:: TRY IT ::
Please transcribe the entries exactly and omit the images they contain.
[[ DATA PROVIDED, beginning ]]
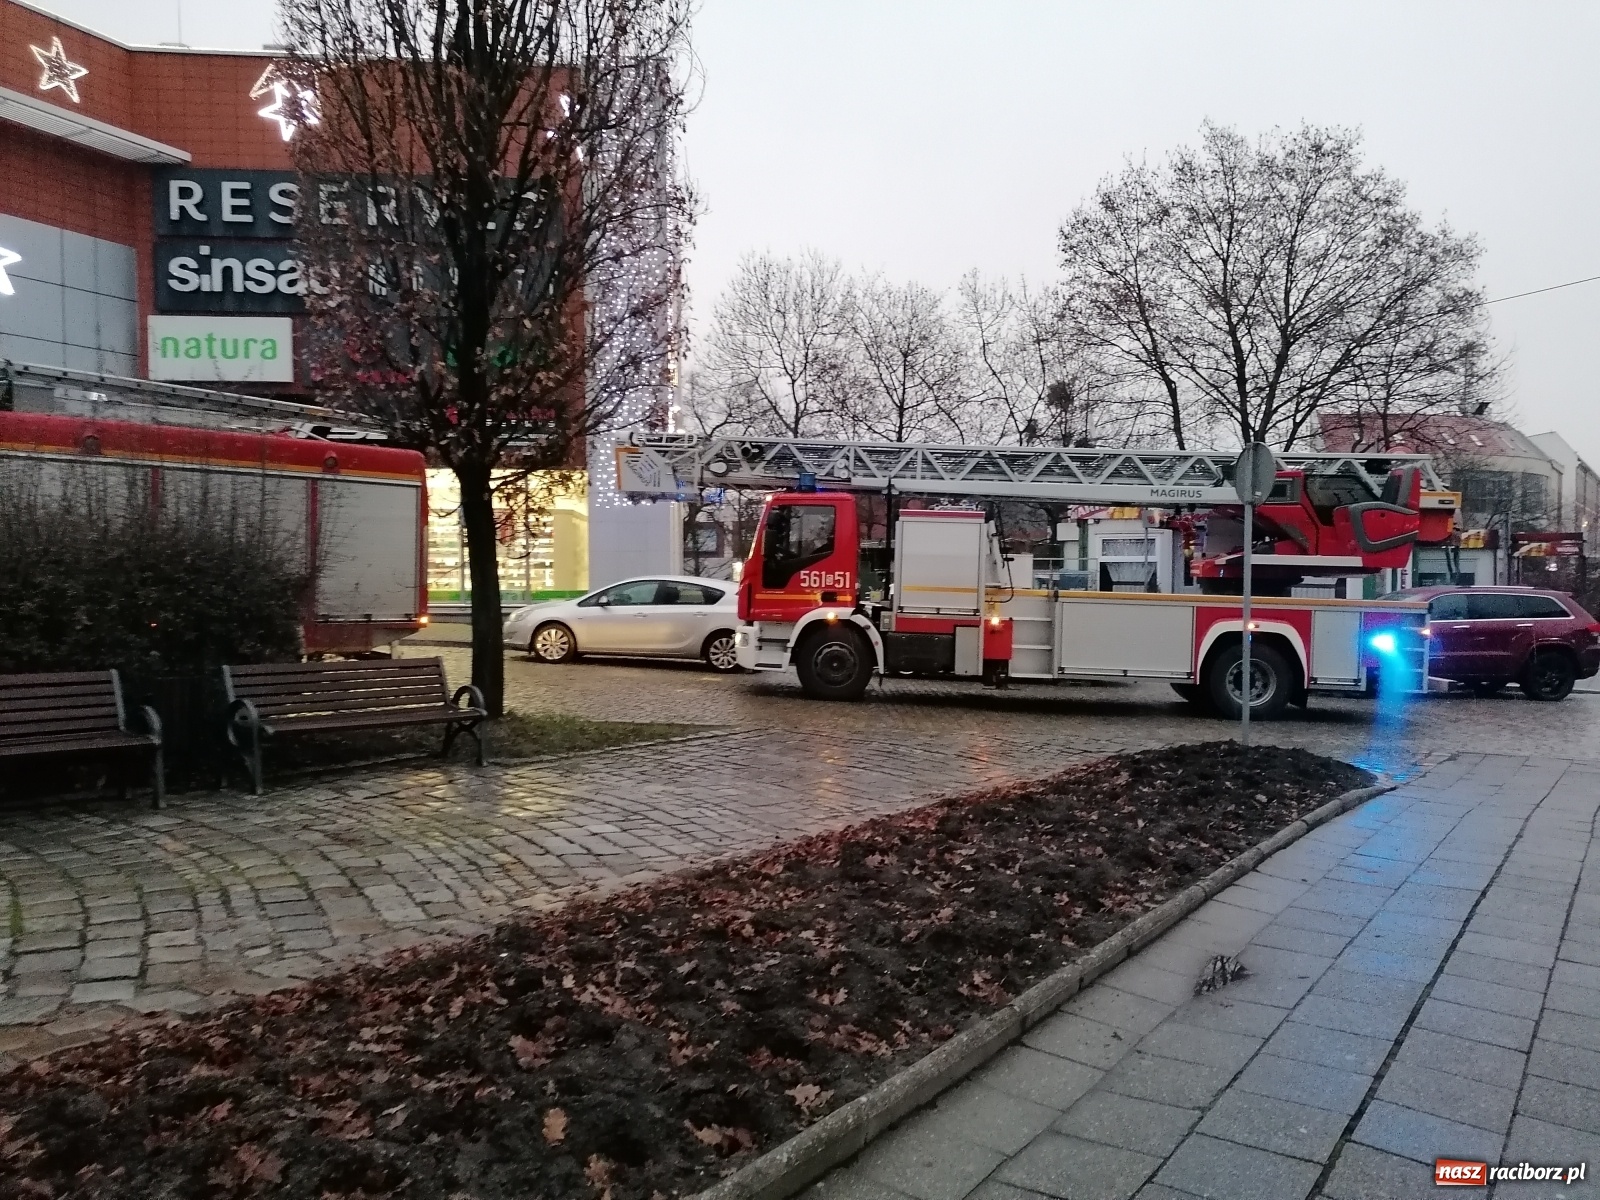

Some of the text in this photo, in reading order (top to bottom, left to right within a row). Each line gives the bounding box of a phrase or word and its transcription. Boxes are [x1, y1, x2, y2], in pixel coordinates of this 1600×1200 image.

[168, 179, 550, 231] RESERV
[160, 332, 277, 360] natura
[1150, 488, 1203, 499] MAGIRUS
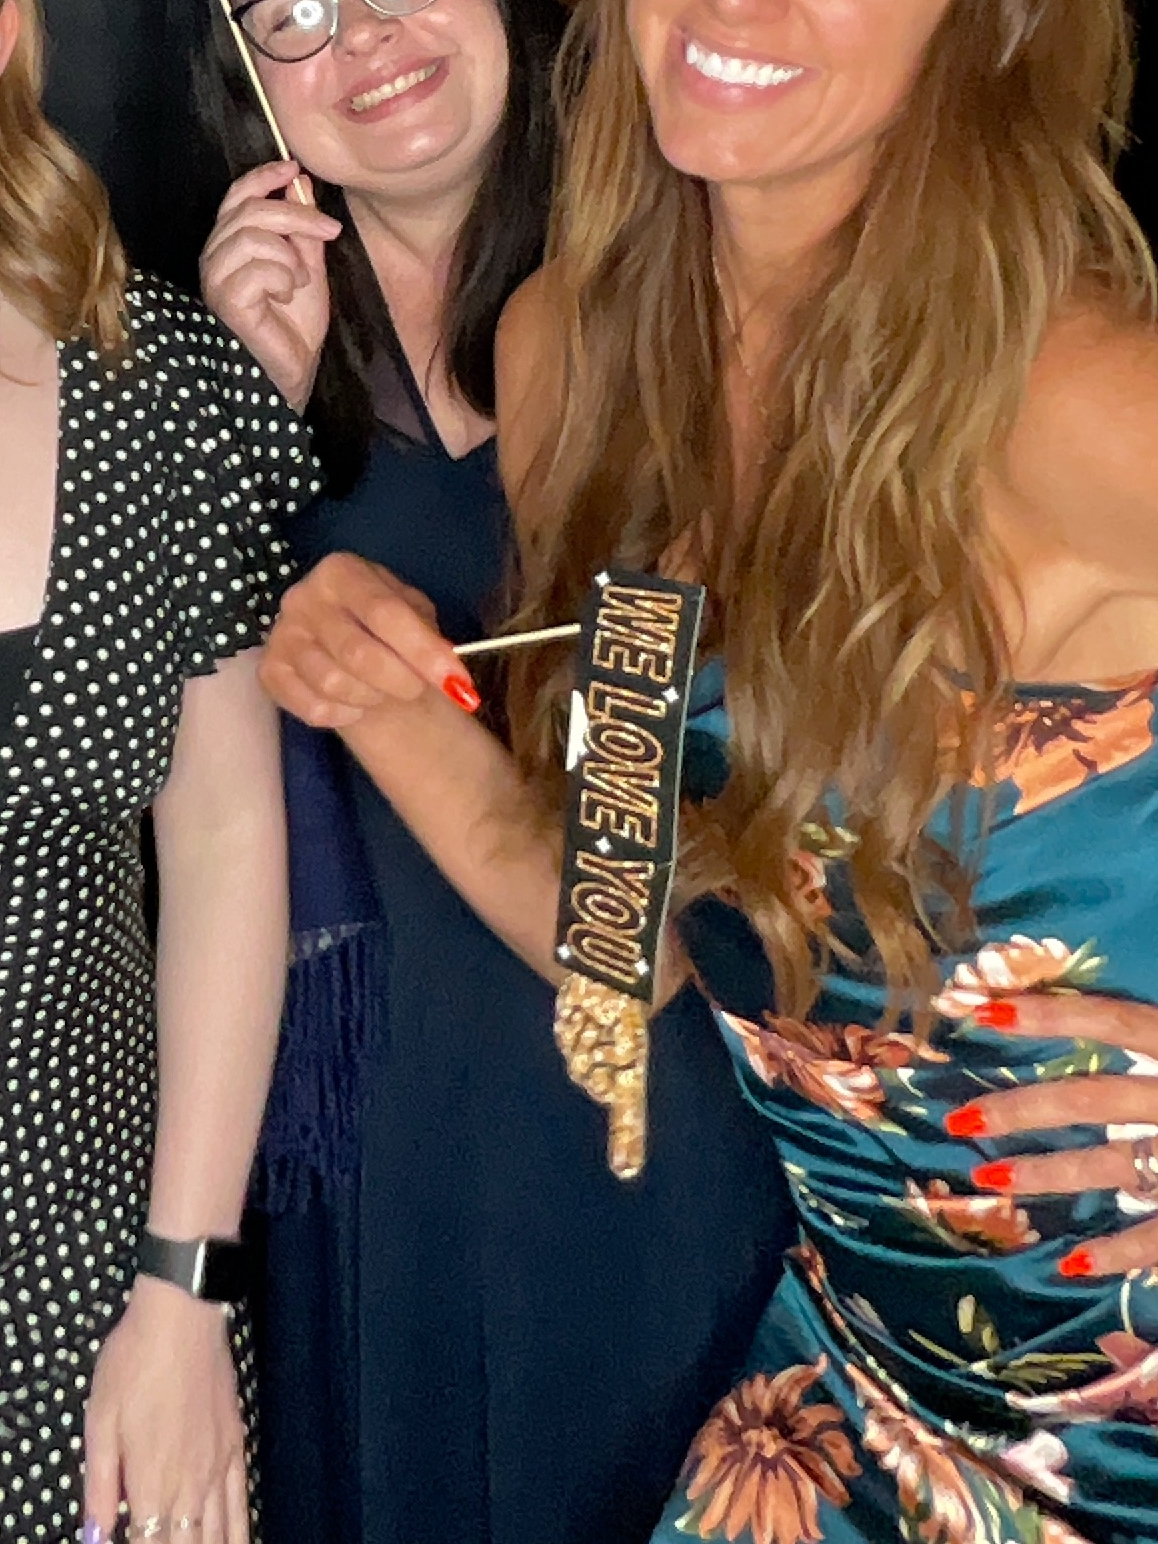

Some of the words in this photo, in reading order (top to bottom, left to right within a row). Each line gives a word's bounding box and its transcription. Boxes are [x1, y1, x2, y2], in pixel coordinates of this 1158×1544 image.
[[ DATA PROVIDED, end ]]
:: WRITTEN ANSWER ::
Some of the text in this photo, in reading order (top to bottom, left to right within a row). Each line gives the bounding box of a phrase or word and its transcription. Boxes are [x1, y1, x2, y2], in pixel coordinates of this 1600×1200 image.

[168, 179, 550, 231] RESERV
[160, 332, 277, 360] natura
[1150, 488, 1203, 499] MAGIRUS

Some of the words in this photo, in reading order (top to bottom, left to right within a row). Each line gives a word's bounding box and its transcription. Boxes are [x1, y1, x2, y2], in pixel coordinates of this 1158×1544 image.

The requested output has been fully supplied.